Monday, February 7, 2011

Roasted Vegetable Soup

This was so freaking easy. Took a while because the veggies needed to roast for an hour, but made an awesome soup that even the other half, the CARNIVORE at the table, loved!

Take six beefsteak tomatoes and cut then in half and remove the stem core.
Slice up two large peeled carrots into rounds.
Split two leaks in half and cut all of them into little half moons.
Peel six cloves of garlic ... no need to mince because it is going to roast, cook and get blended.
Place all of this lovely mixture into a large roasting pan and toss them with two tablespoons of olive oil and some salt and pepper. Make sure the tomatoes are face down in the pan with the other veggies around them and roast in the oven at 425 F for one hour.  
After everything is roasted gently peel the skin off of the tomatoes with a pair of tongs ... it comes off easy, so don't be afraid of this step or think it is too much or too hard for anybody to do.
Next just dump the entire contents of the pan into 30 oz of good vegetable stock along with a couple of shakes of liquid smoke for added flavor.
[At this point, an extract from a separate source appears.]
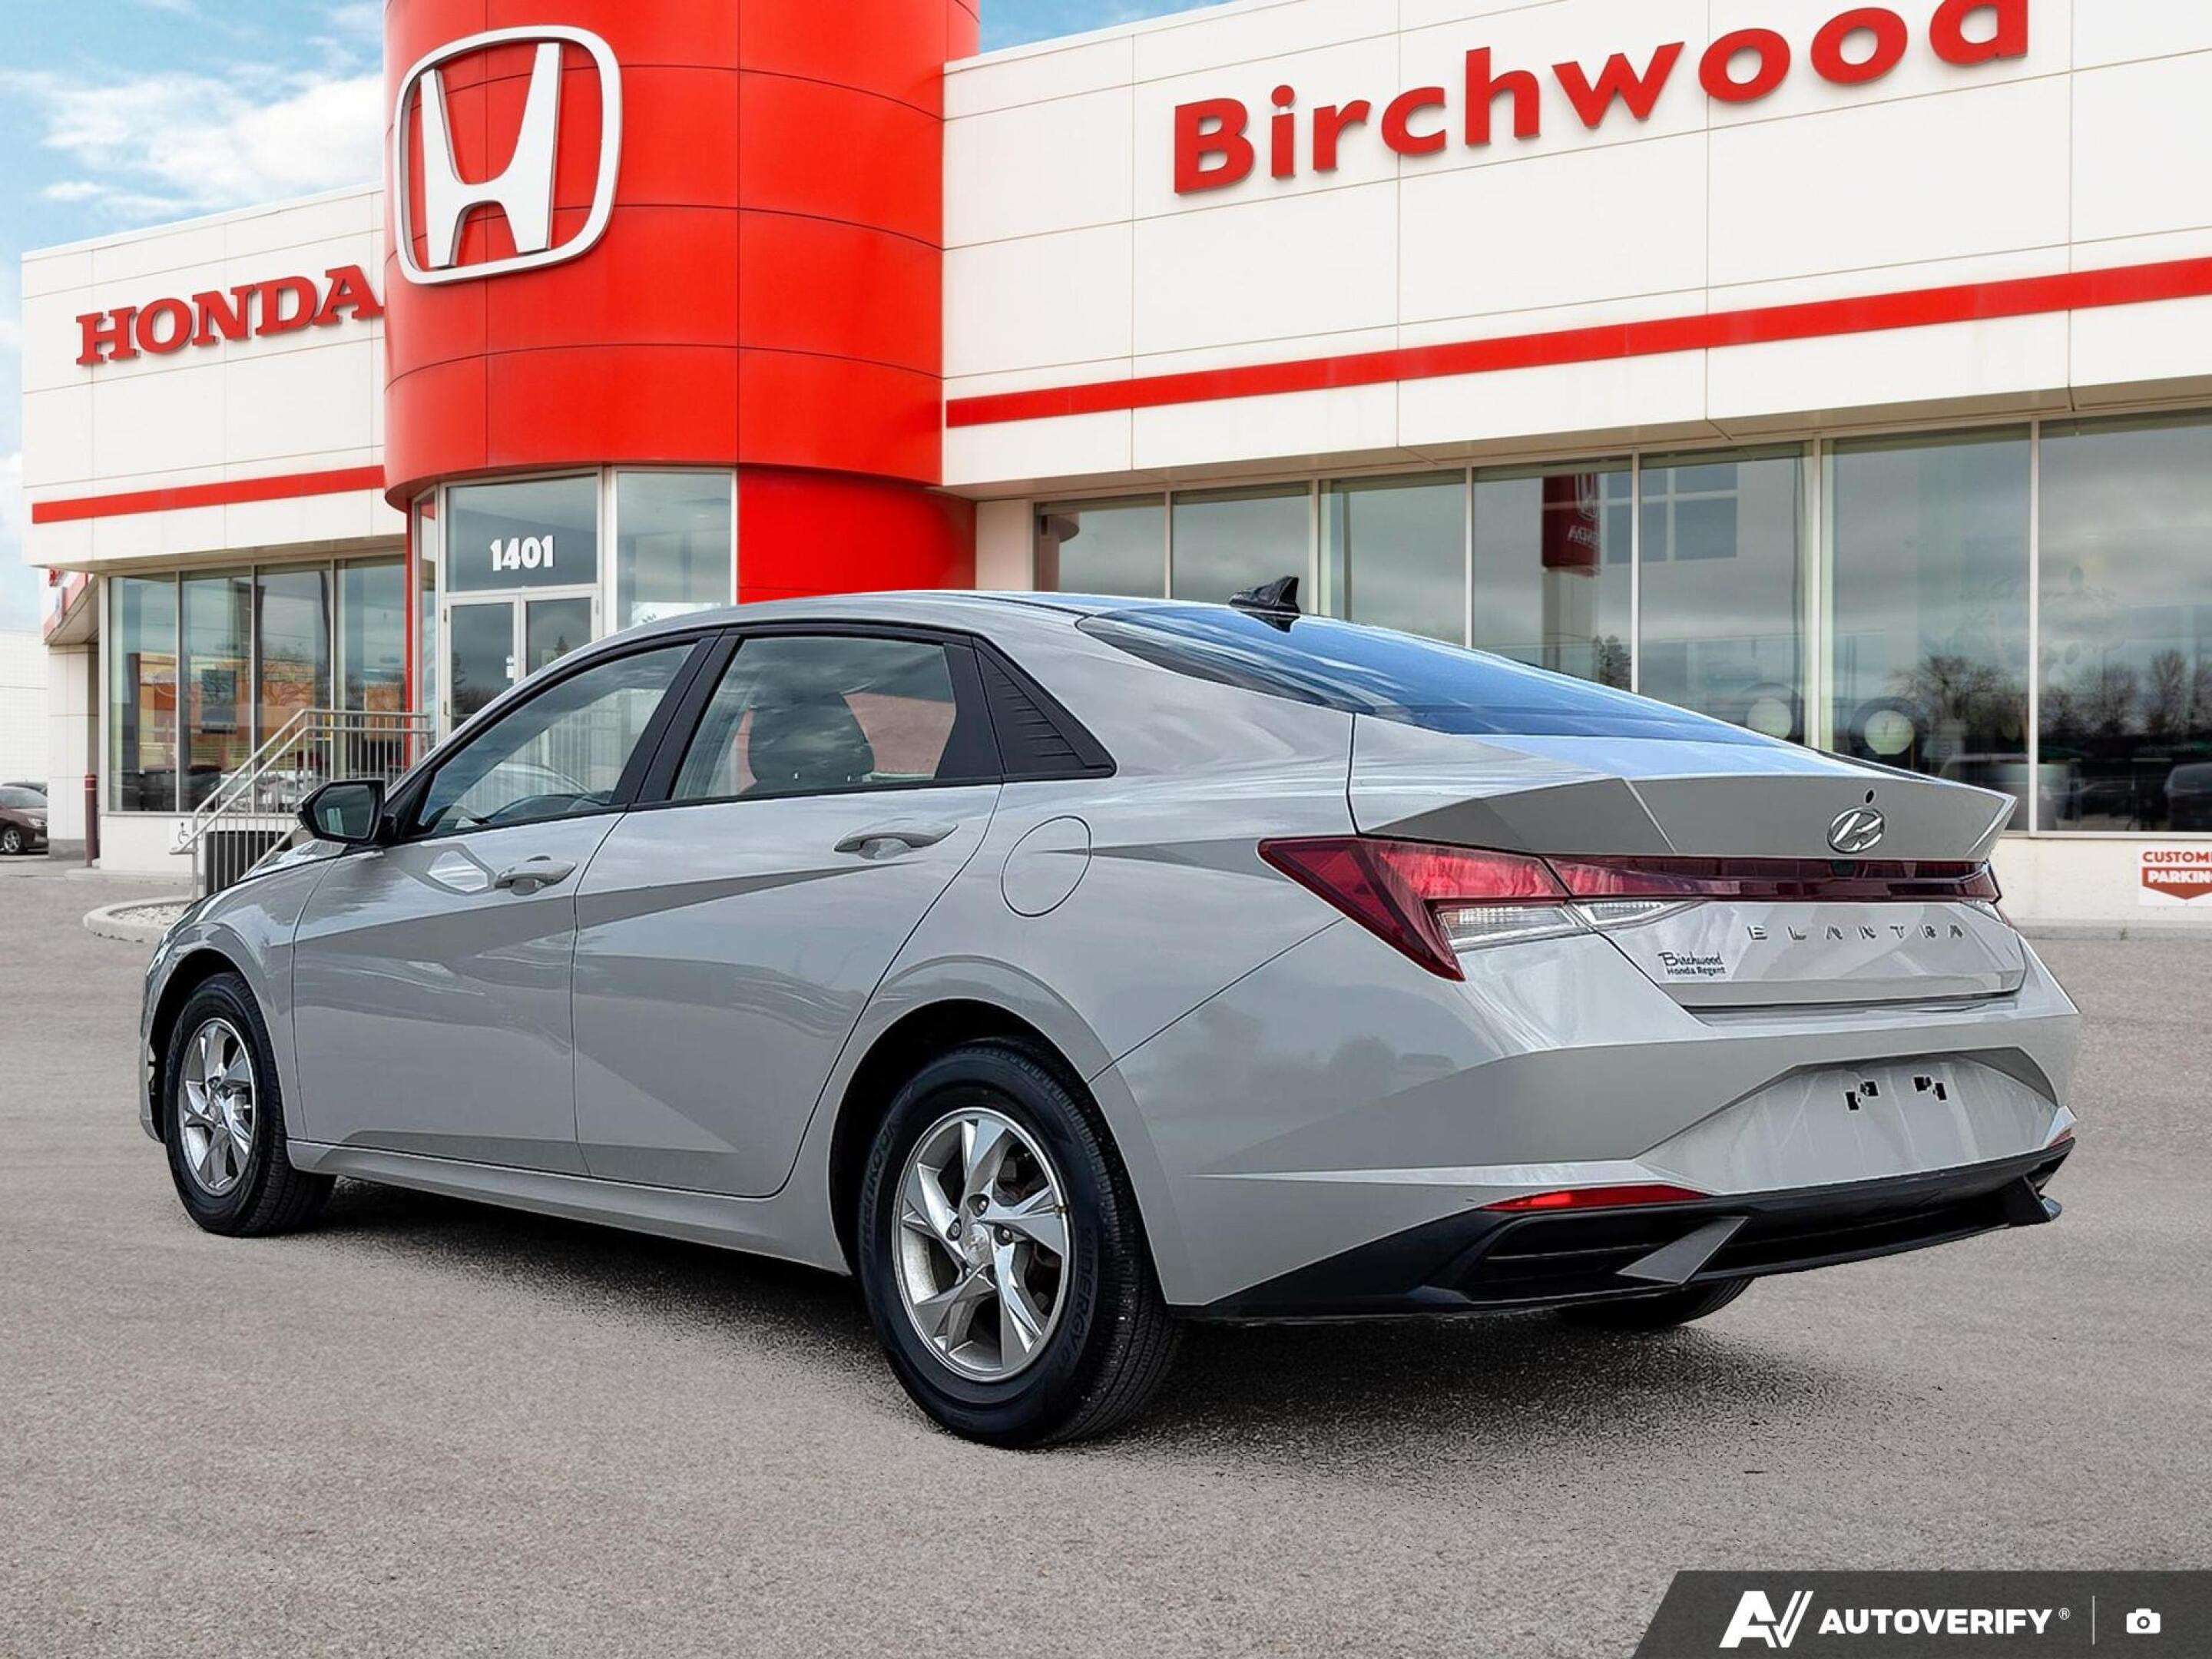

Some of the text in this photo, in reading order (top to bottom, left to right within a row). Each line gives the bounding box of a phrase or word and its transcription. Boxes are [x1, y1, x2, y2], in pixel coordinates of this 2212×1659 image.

Bring to a boil and let it simmer a little while to soften the veggies even more.
Take an immersion blender and blend the soup to a nice consistency (I like mine a little chunky).
Add salt and pepper to taste ... somebody thought it needed more salt than I did, but I love fresh ground pepper in my soups. 
Take a small bunch of basil that has been chopped small and stir it in and serve!

We were talking tonight and though a little pureed roasted red bell pepper and a dollop of vegan sour cream would make this perfect. This really hit the spot on a cold snowy night with a crusty piece of bread.